Microsoft said it has notified close to 10,000 people in the past year that they have been targeted by state-sponsored hackers.
The tech giant said Wednesday that the victims were either targeted or compromised by hackers working for a foreign government. In almost all cases, Microsoft said, enterprise customers were the primary targets — such as businesses and corporations. About one in 10 victims are consumer personal accounts, the company said.
Microsoft said its new data, revealed at the Aspen Security Forum in Colorado, demonstrates the “significant extent to which nation-states continue to rely on cyberattacks as a tool to gain intelligence, influence geopolitics, or achieve other objectives.”

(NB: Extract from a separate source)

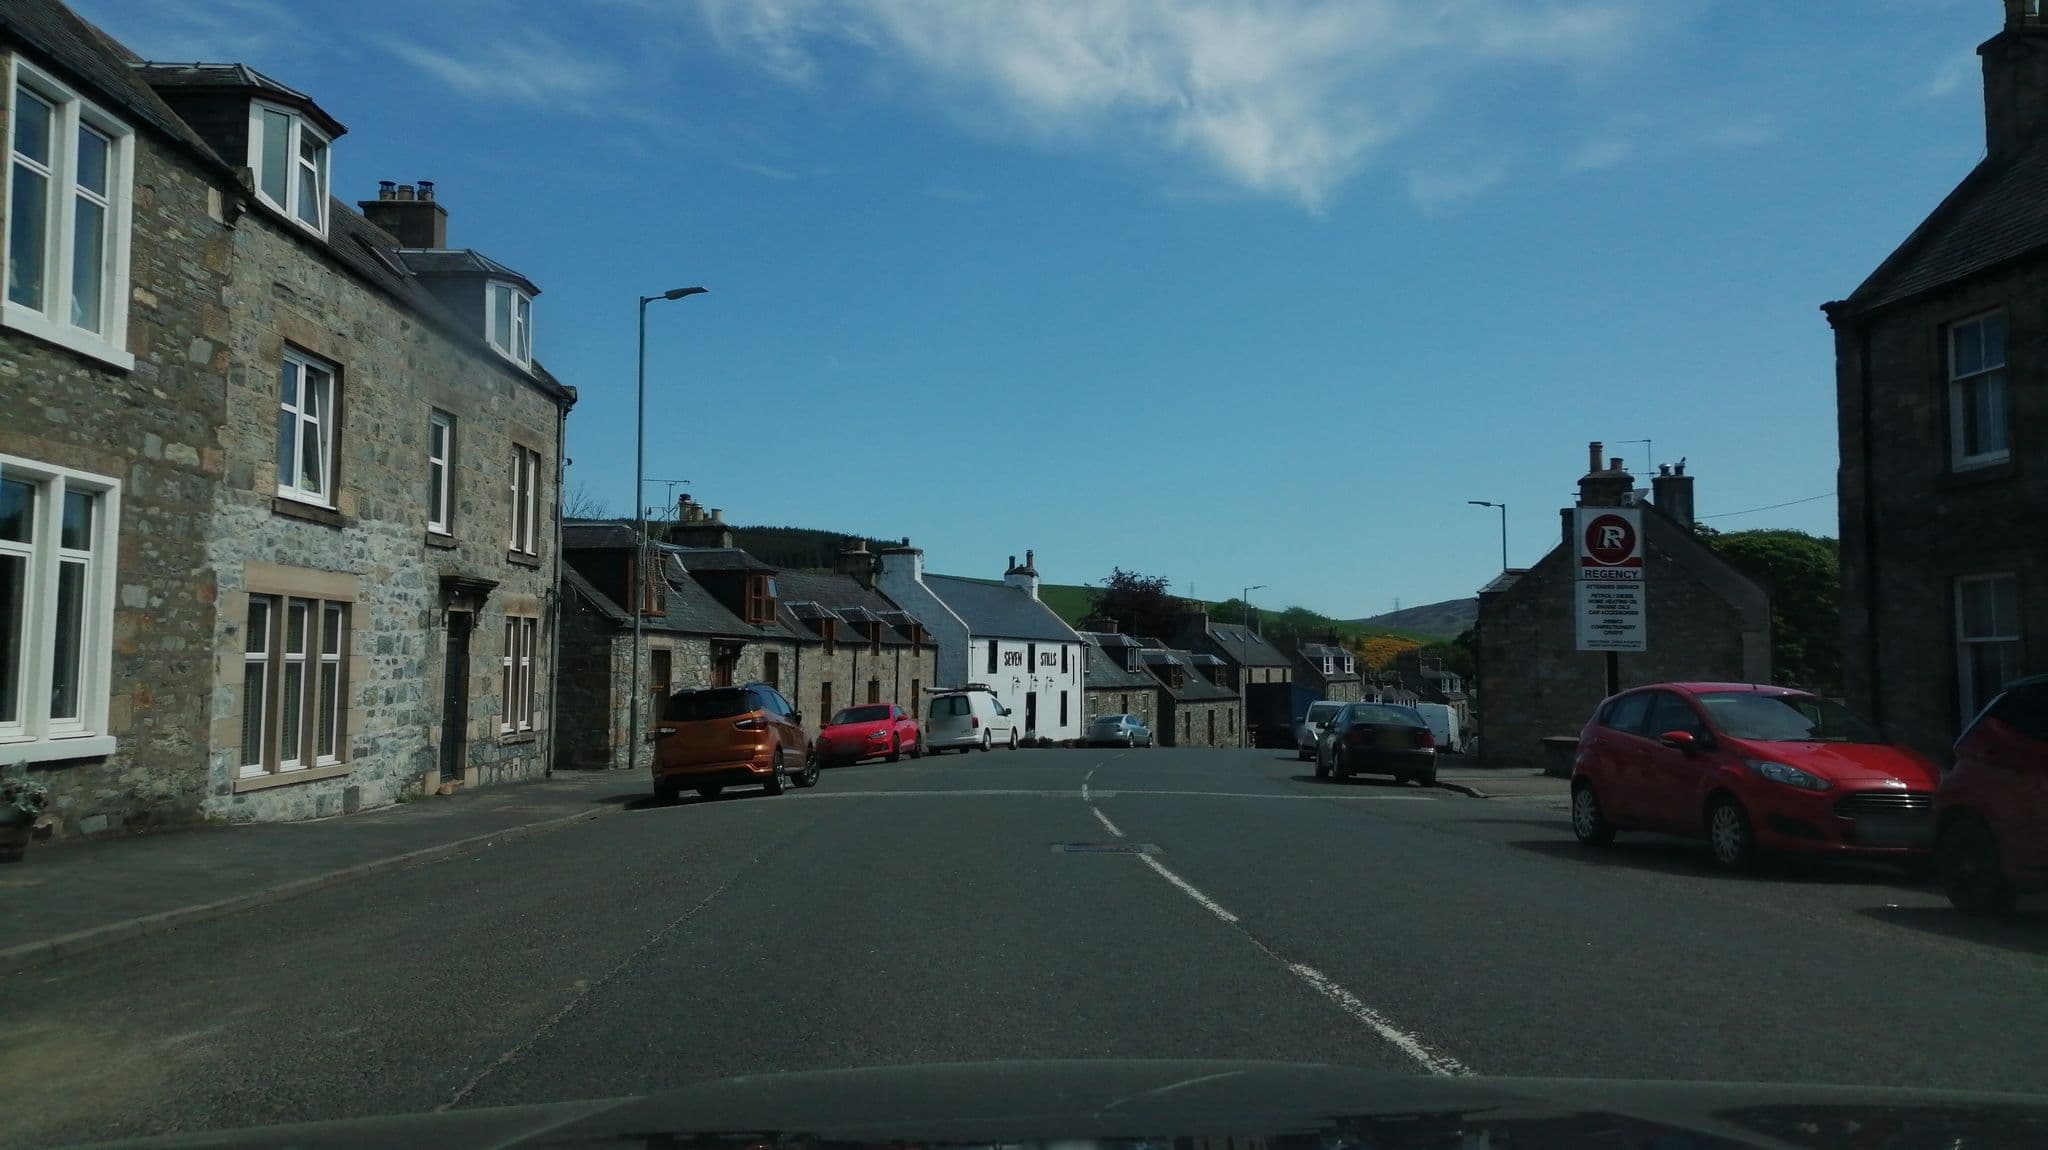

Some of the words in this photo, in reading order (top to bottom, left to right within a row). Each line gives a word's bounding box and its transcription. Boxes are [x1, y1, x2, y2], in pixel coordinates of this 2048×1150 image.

[1584, 569, 1639, 579] REGENCY
[1004, 651, 1023, 667] SEVEN
[1040, 652, 1057, 667] STILLS

On top of that the company also said it has made 781 notifications of state-sponsored attacks on organizations using its AccountGuard technology, designed for political campaigns, parties and government institutions.
Almost all of the attacks targeted U.S.-based organizations, the company said, but a spokesperson would not disclose the percentage of successful attacks.
Most of the attacks were traced back to activity by hacking groups believed to be associated with Russia, North Korea and Iran.
One such group, the so-called APT 33 group operating out of Iran — which Microsoft calls Holmium — has been in Microsoft’s cross-hairs before. In March the company said the Tehran-backed hackers stole corporate secrets and destroyed data in a two-year-long hacking campaign.
Weeks later the company sued to obtain a restraining order for another Iranian hacker group, APT 35, or Phosphorus. A year earlier it took similar legal action against Russian hackers, known as APT 28, or Fancy Bear, which was blamed for disrupting the 2016 presidential election.
“Cyber-attacks continue to be a significant tool and weapon wielded in cyberspace. In some instances, those attacks appear to be related to ongoing efforts to attack the democratic process,” said Microsoft’s customer security chief Tom Burt in a blog post.
Microsoft said it expects to see the “use of cyber-attacks to specifically target democratic processes” ahead of the upcoming 2020 presidential election.